Our study is the first genome-wide report on the molecular basis of adaptation to non-marine habitats in panpulmonate gastropods. In case of the terrestrial lineages, we found evidence that the different positively selected genes are involved in a general pattern of adaptation to increased energy demands. On the one hand, the adaptive signs found in a gene related to actin assembly (OG0001172, Table 2) can be related to the necessity to move (forage, hunt preys or escape from predators) in the terrestrial realms. On the other hand, the displacement in an environment lacking the buoyancy force to float or swim, would require more energy that can be obtained increasing the glucose uptake (OG0000137) to produce energy in form of ATP in a faster rate compared to the oxidative phosphorylation pathway [30]. These hypotheses are in line with our previous finding of positive selection on the mitochondrial genomes from terrestrial panpulmonates. The adaptive signatures found in two mitochondrial genes, cob and nad5, involved in energy production in the mitochondrion, suggested a response to new metabolic requirements in the terrestrial realm, such as the increase of energy demands (to move and sustain the body mass).
One gene found under positive selection in the terrestrial genus Pythia, was involved in the metabolism of tyrosine (OG0000060). Tyrosine is the principal component of the thyroid hormones (TH). Despite invertebrates lack the thyroid gland responsible of the production of TH’s; the synthesis of TH’s has been demonstrated in mollusks and echinoderms. In these organisms, iodine is ligated to the tyrosine in the peroxisomes, producing thyroid hormones [31]. Notably, it has been suggested that iodinated tyrosines may have been essential in vertebrates during the transition to non-marine habitats for TH’s are required in the expression of transcription factors involved in the embryonic development and differentiation of the lungs [32]. Land snails adapted to breath air by losing their gills and transforming the inner surface of their mantle into a lung [5]. Therefore, we propose that the tyrosine pathway was also a key component in invertebrates probably promoting the development of novel gas exchange tissues in land snails.

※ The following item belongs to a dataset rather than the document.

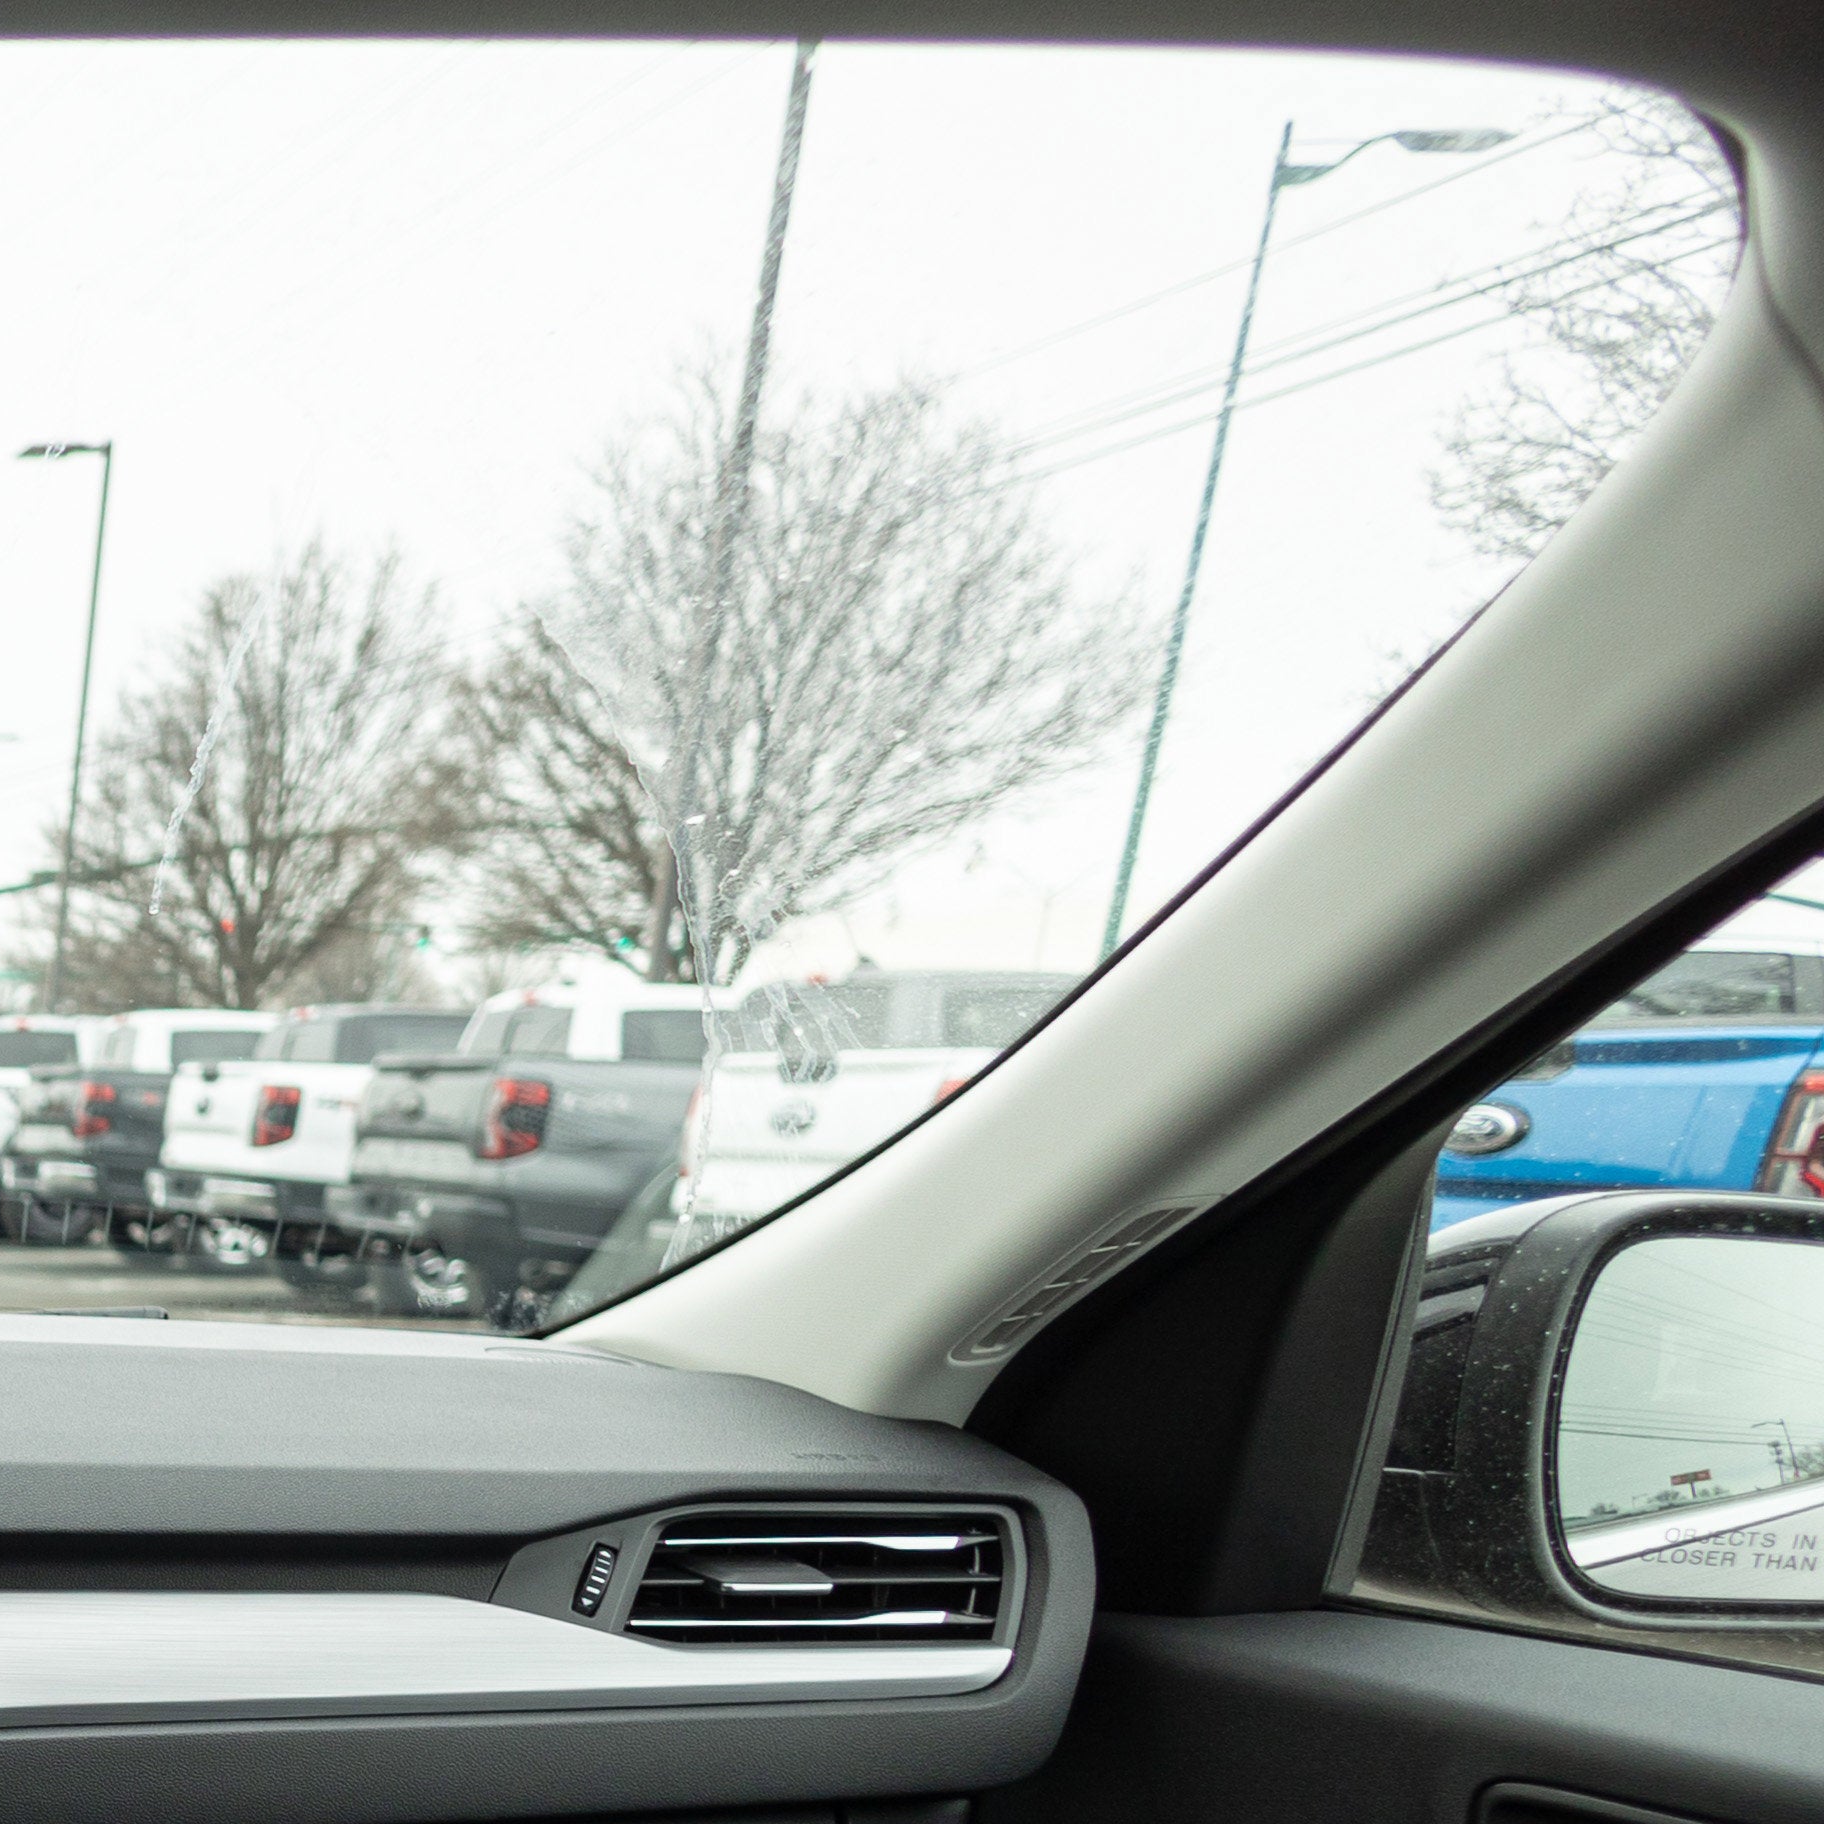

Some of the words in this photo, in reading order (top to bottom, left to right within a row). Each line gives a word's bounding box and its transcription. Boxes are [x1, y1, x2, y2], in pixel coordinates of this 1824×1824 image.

In case of the freshwater lineages, one of the positively selected genes was similar to the subunit 4 of the cytochrome c oxidase (cob) respiratory complex (OG0004174, Table 2). As mentioned above, cob is part of the energy production pathway in the cell. This enzyme complex contains many subunits encoded both in the mitochondrial and nuclear genome. The subunit 4 belongs to the nuclear genome and has an essential role in the assembly and function of the cob complex [33]. In agreement with our previous results that found the mitochondrial cob subunit under positive selection [20], we suggest that this gene was also involved in enhancing the metabolic performance of the enzyme and aided to cope with the new energy demands the realm transition.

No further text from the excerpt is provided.